• [Task to complete]:
Please output the data exactly, minus pictures.

• [Records for the task]:
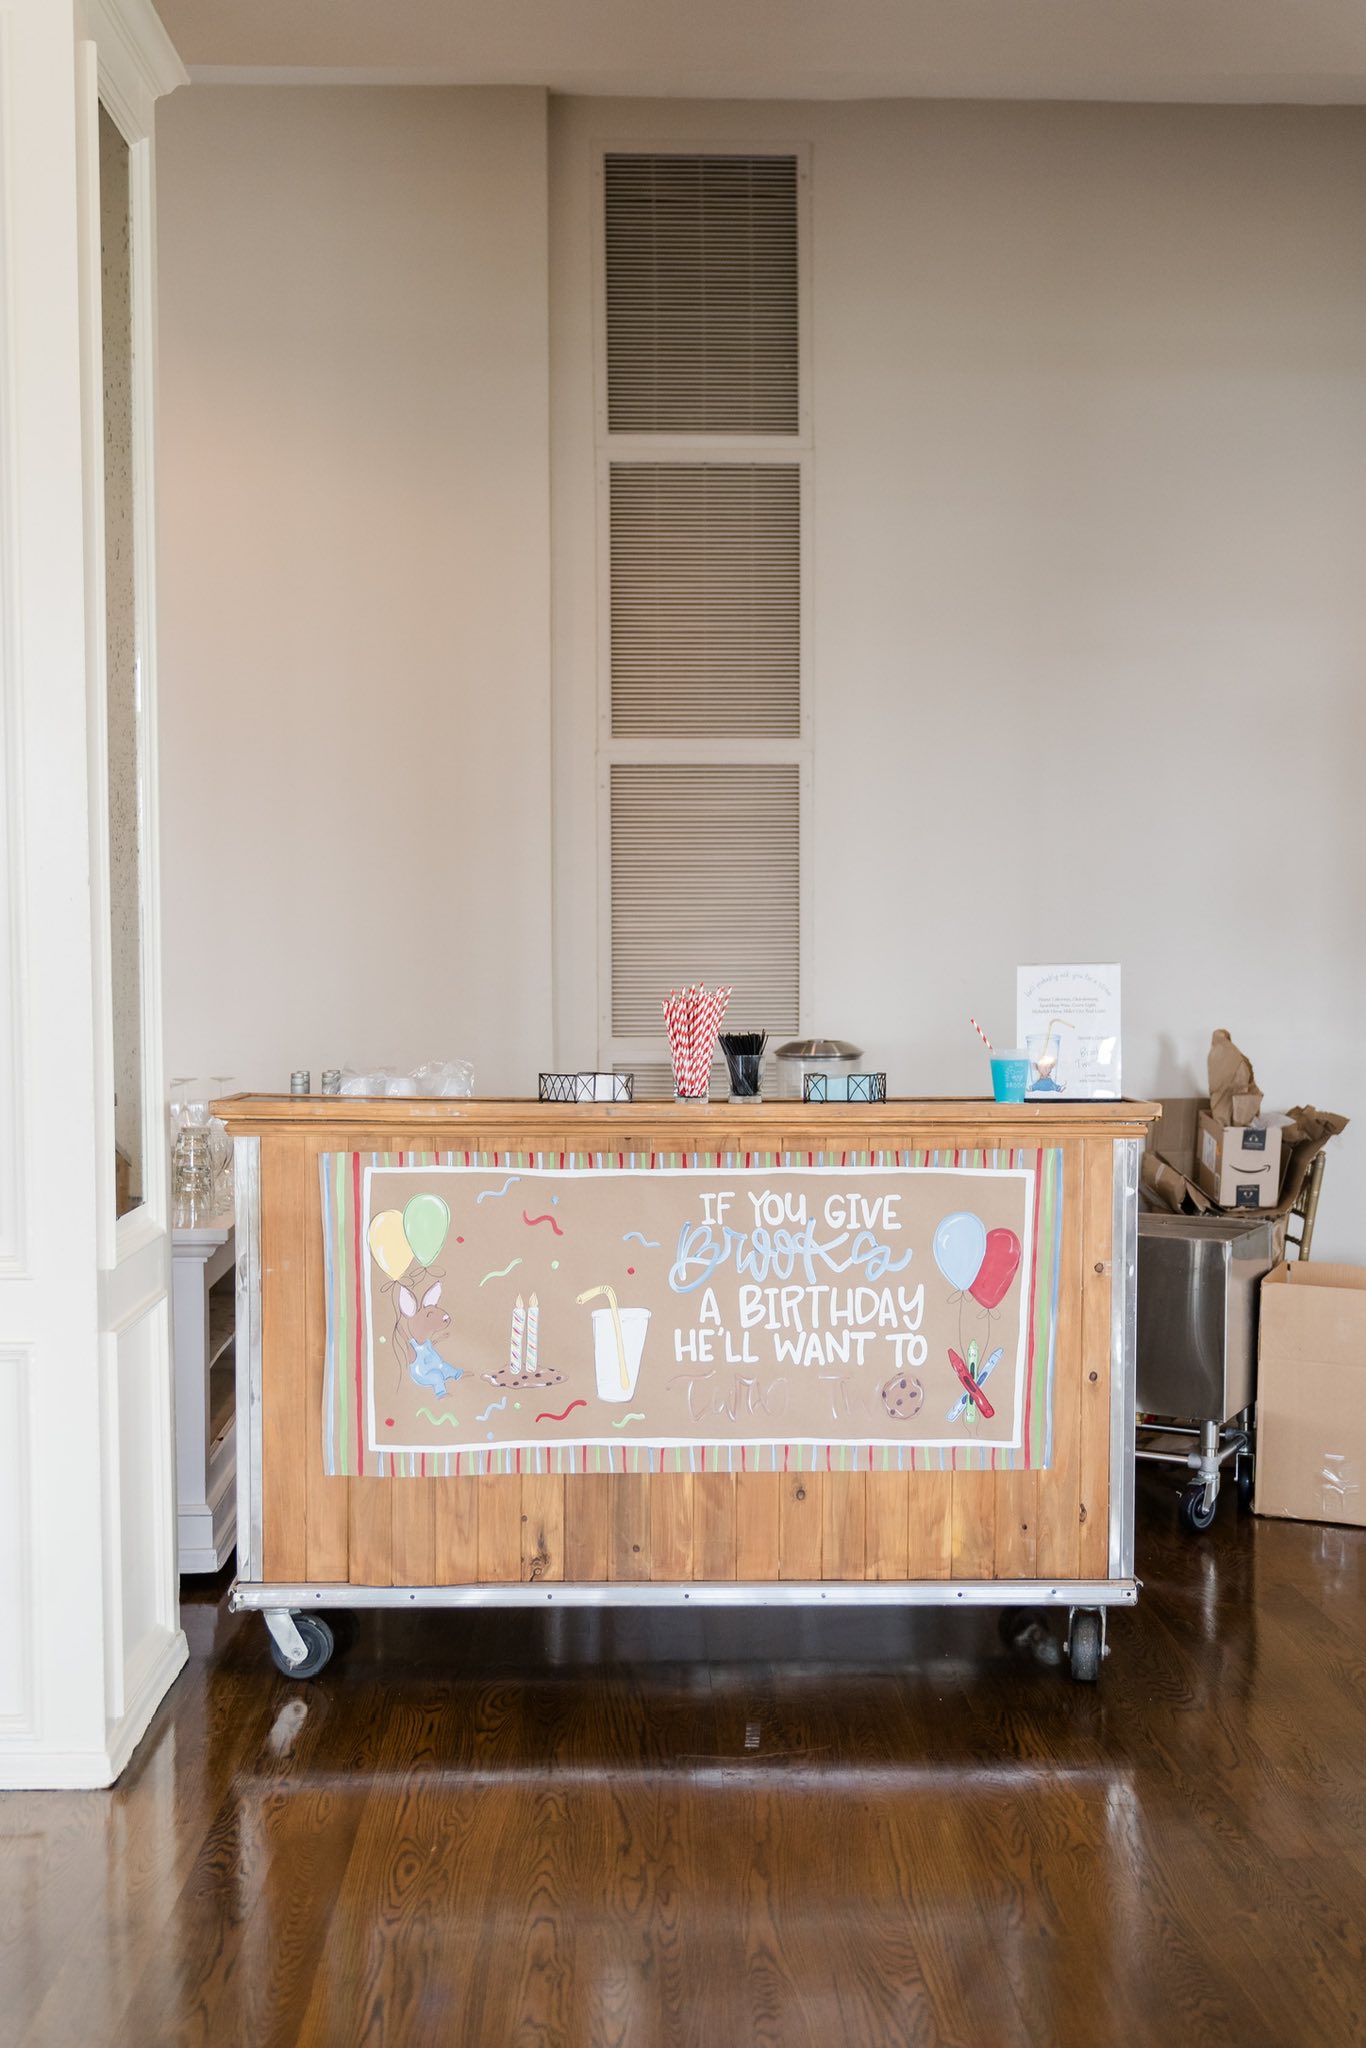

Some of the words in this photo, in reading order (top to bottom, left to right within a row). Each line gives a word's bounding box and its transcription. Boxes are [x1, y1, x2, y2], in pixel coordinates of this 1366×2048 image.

[699, 1191, 735, 1225] IF
[748, 1190, 806, 1227] YOU
[824, 1193, 902, 1230] GIVE
[699, 1287, 721, 1326] A
[739, 1284, 925, 1332] BIRTHDAY
[674, 1326, 759, 1363] HE'LL
[774, 1329, 877, 1366] WANT
[885, 1333, 928, 1368] TO

• [Reply]:
Some of the words in this photo, in reading order (top to bottom, left to right within a row). Each line gives a word's bounding box and its transcription. Boxes are [x1, y1, x2, y2], in pixel coordinates of this 1366×2048 image.

[699, 1191, 735, 1225] IF
[748, 1190, 806, 1227] YOU
[824, 1193, 902, 1230] GIVE
[699, 1287, 721, 1326] A
[739, 1284, 925, 1332] BIRTHDAY
[674, 1326, 759, 1363] HE'LL
[774, 1329, 877, 1366] WANT
[885, 1333, 928, 1368] TO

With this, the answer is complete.